Laboratory of Clinical Pharmacoepidemiology, Kyoto Pharmaceutical University, 5 Misasaginakauchicho, Kyoto Yamashina-ku, Kyoto, 607-8414, Japan. Electronic address:

Published: March 2024

Introduction: Carbapenems and piperacillin/tazobactam (PIPC/TAZ) are commonly used as the initial therapy to treat extended-spectrum β-lactamase (ESBL)-producing Enterobacterales in acute cholangitis. However, the overuse of these antibiotics contributes to the spread of antimicrobial resistance.
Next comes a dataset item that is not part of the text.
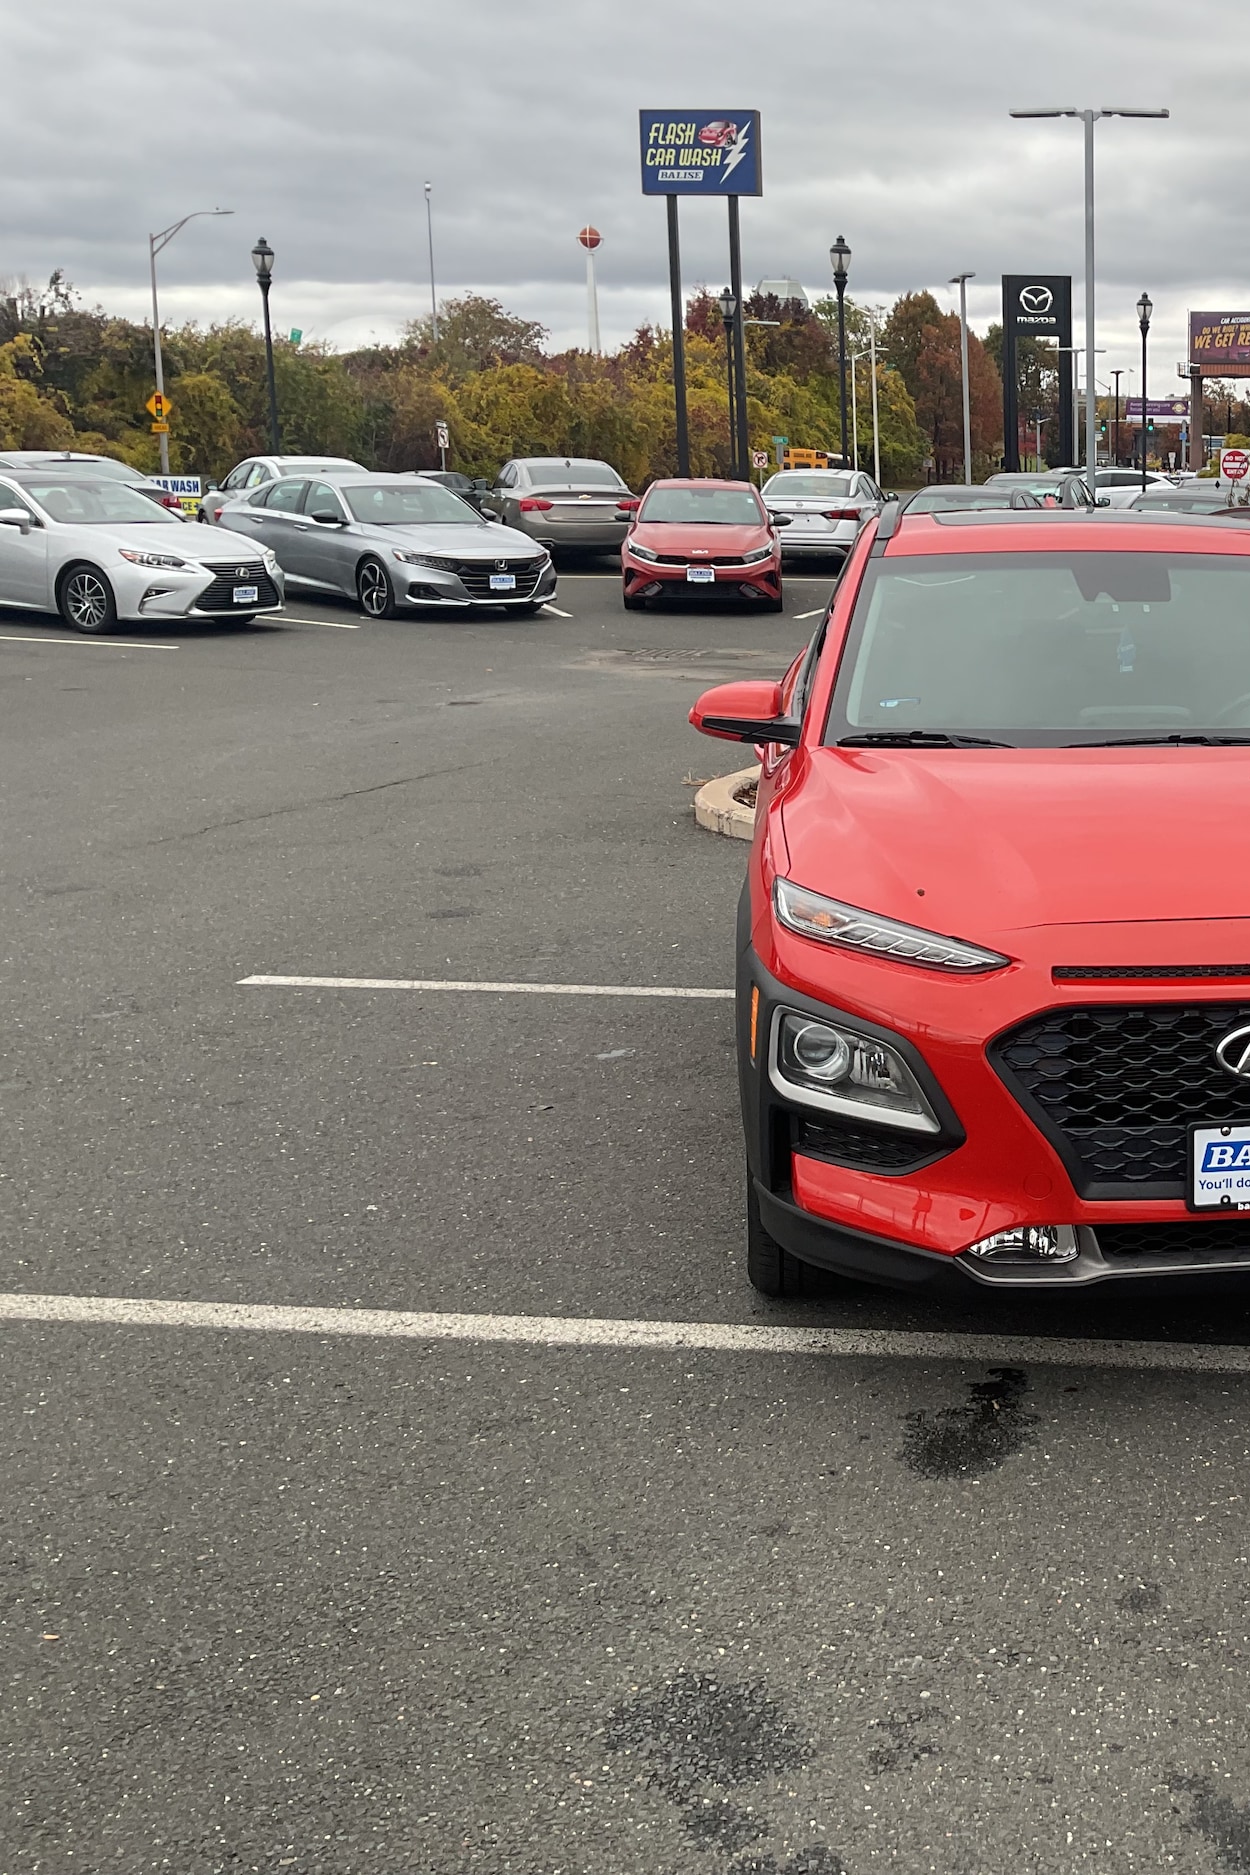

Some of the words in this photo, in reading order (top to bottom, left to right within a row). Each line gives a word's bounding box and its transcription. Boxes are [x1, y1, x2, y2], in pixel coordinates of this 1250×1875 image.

Cefmetazole (CMZ) is stable to hydrolysis by ESBLs, so it may be an alternative to carbapenems and PIPC/TAZ. However, the effectiveness of CMZ compared with that of carbapenems and PIPC/TAZ as the initial therapy for acute cholangitis is unknown.

Methods: We conducted a retrospective cohort study at a university hospital between April 1, 2014, and December 31, 2022. Patients with bacteremic acute cholangitis who received CMZ, carbapenems, or PIPC/TAZ as the initial therapy were included. The patients were divided into a CMZ group and a carbapenems or PIPC/TAZ (CP) group to compare patient outcomes.

Results: A total of 99 patients (54 in the CMZ group and 45 in the CP group) were analyzed. The baseline characteristics of the patients were similar and 30-day mortality did not differ between groups (4% vs. 7%, P = 0.66). However, the CMZ group had a shorter length of stay (LOS) (8 days vs. 15 days, P < 0.001) and lower mean antibiotic cost (98.92 USD vs. 269.49 USD, P < 0.001) than the CP group.

Conclusions: In bacteremic acute cholangitis, initial therapy with CMZ may contribute to a shorter LOS and lower antibiotic costs than treatment with carbapenems and PIPC/TAZ, without worsening patient outcomes.